**Dataset excerpts:**
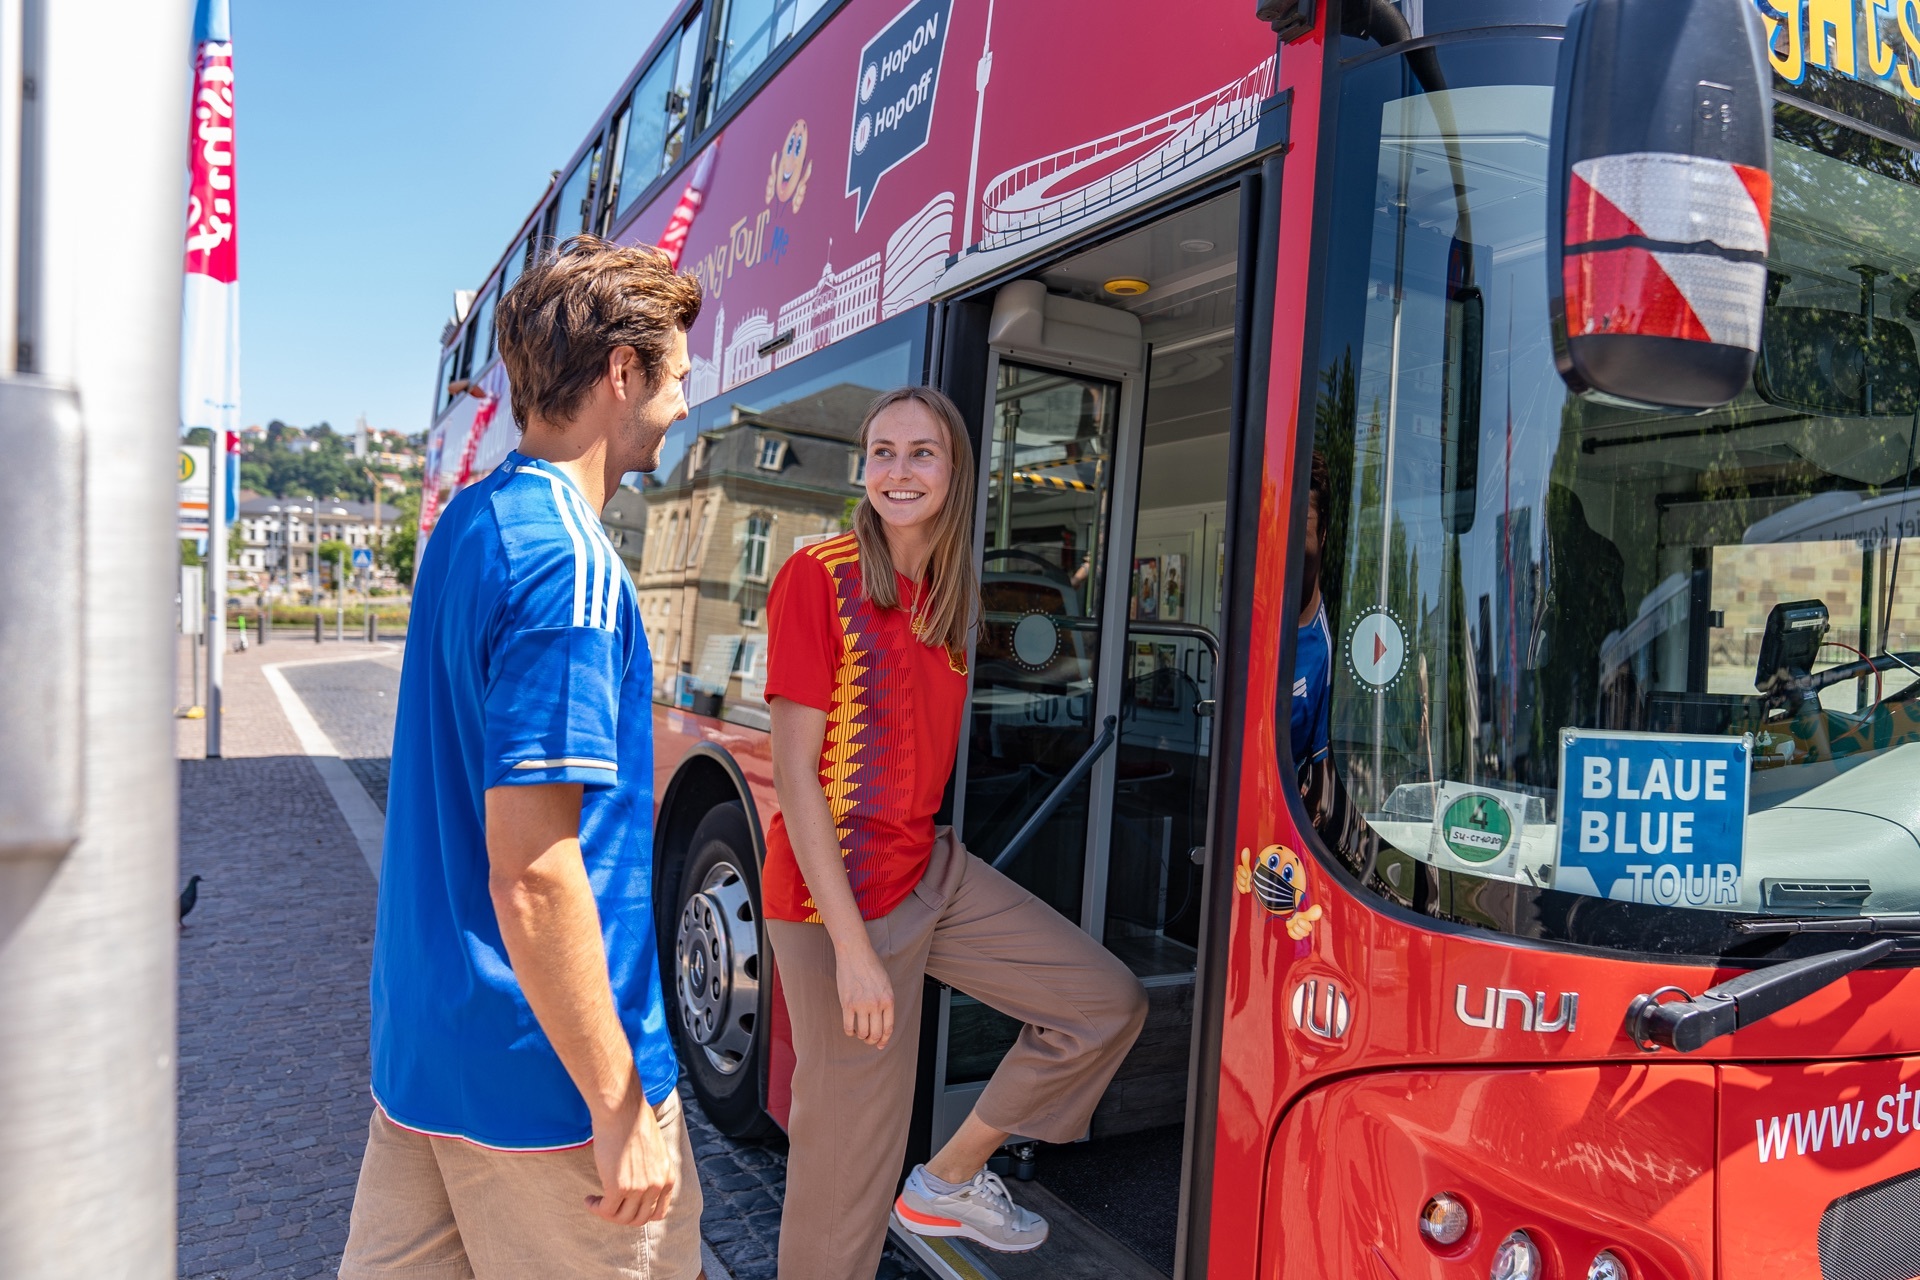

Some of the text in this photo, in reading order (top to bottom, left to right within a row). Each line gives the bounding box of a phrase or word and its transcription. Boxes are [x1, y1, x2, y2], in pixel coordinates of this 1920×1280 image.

[880, 11, 939, 82] HopON
[873, 67, 933, 138] HopOff
[1582, 756, 1728, 801] BLAUE
[1469, 800, 1488, 830] 4
[1579, 811, 1695, 854] BLUE
[1626, 863, 1738, 906] TOUR

**Exercise directions:** Output a precise copy of the entries, leaving the images out.

**Written reply:**
Some of the text in this photo, in reading order (top to bottom, left to right within a row). Each line gives the bounding box of a phrase or word and its transcription. Boxes are [x1, y1, x2, y2], in pixel coordinates of this 1920×1280 image.

[880, 11, 939, 82] HopON
[873, 67, 933, 138] HopOff
[1582, 756, 1728, 801] BLAUE
[1469, 800, 1488, 830] 4
[1579, 811, 1695, 854] BLUE
[1626, 863, 1738, 906] TOUR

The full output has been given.